Images for object localization:
[Start of Attachment]

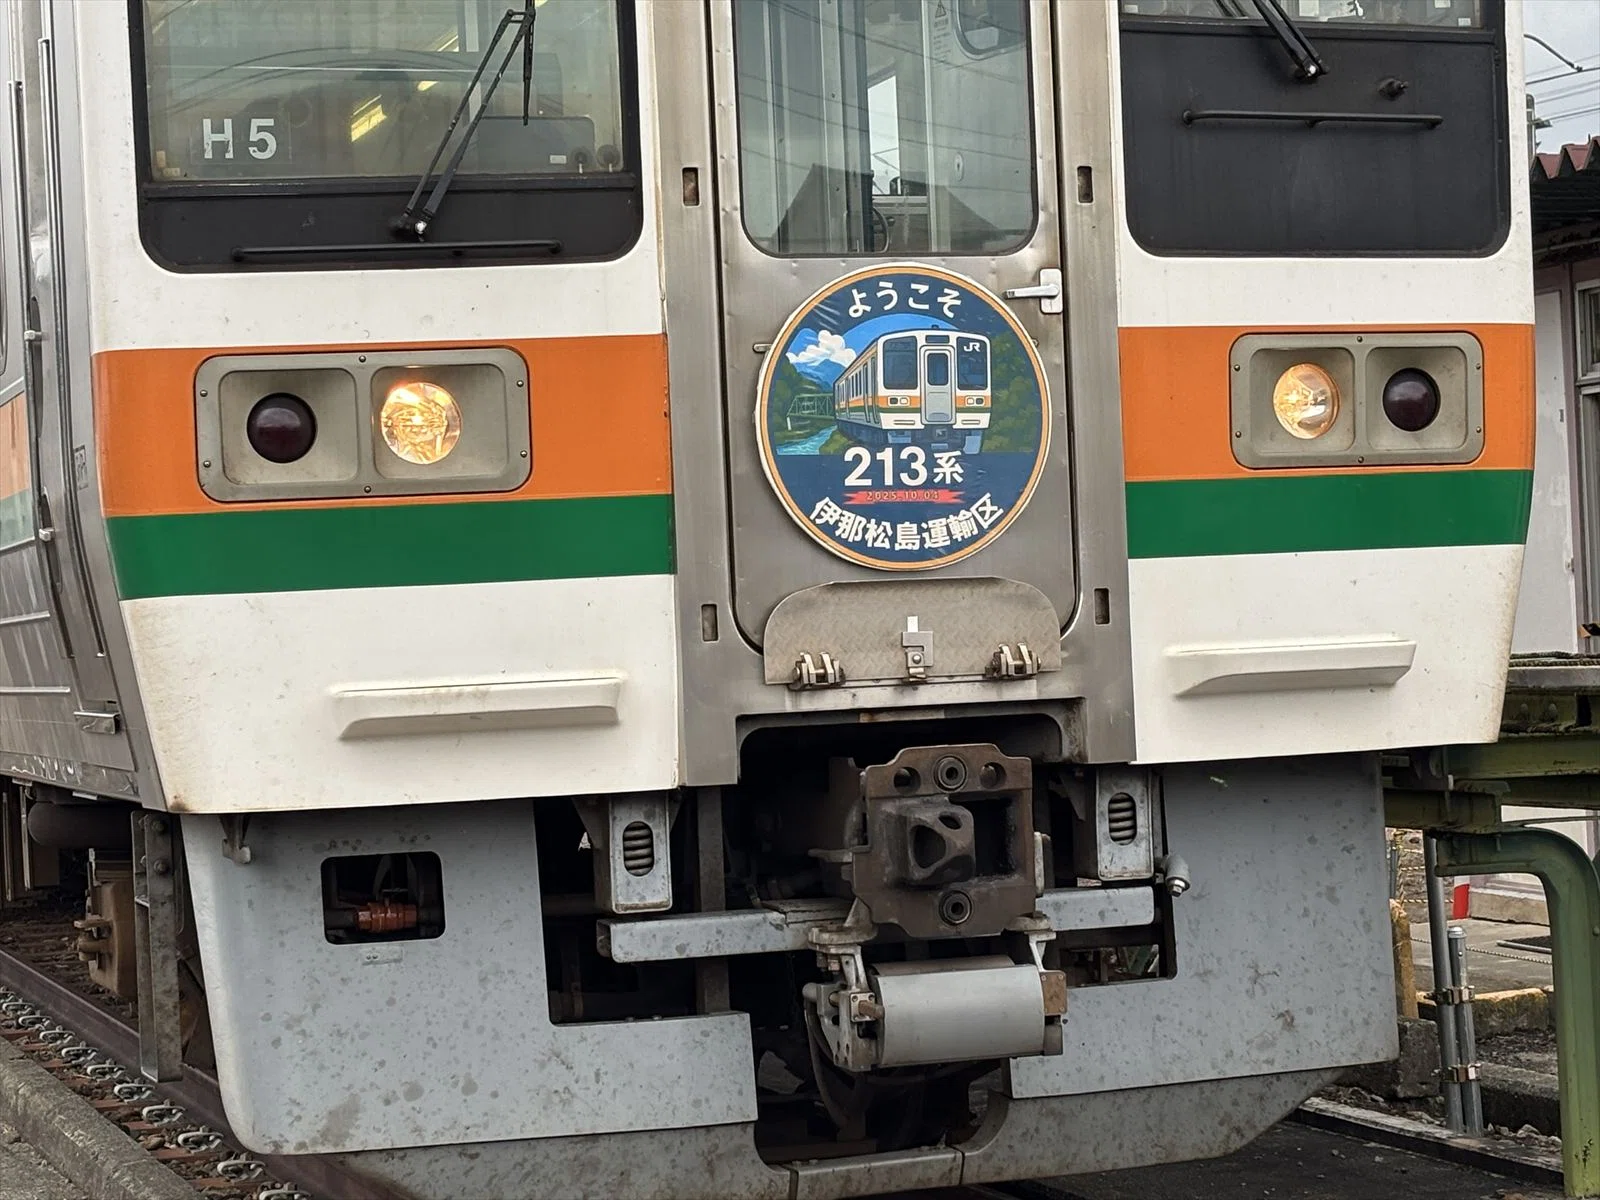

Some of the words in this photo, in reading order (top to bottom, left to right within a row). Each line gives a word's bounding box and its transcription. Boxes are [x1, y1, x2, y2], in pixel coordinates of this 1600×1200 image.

[848, 281, 962, 318] ようこそ
[963, 342, 981, 353] JR
[844, 447, 964, 487] 213系
[810, 492, 1004, 551] 伊那松島運輸区

[End of Attachment]

AIM OF THE TASK
Could you copy all of the entries above exactly, without the pictures?

TASK OUTPUT
Some of the words in this photo, in reading order (top to bottom, left to right within a row). Each line gives a word's bounding box and its transcription. Boxes are [x1, y1, x2, y2], in pixel coordinates of this 1600×1200 image.

[848, 281, 962, 318] ようこそ
[963, 342, 981, 353] JR
[844, 447, 964, 487] 213系
[810, 492, 1004, 551] 伊那松島運輸区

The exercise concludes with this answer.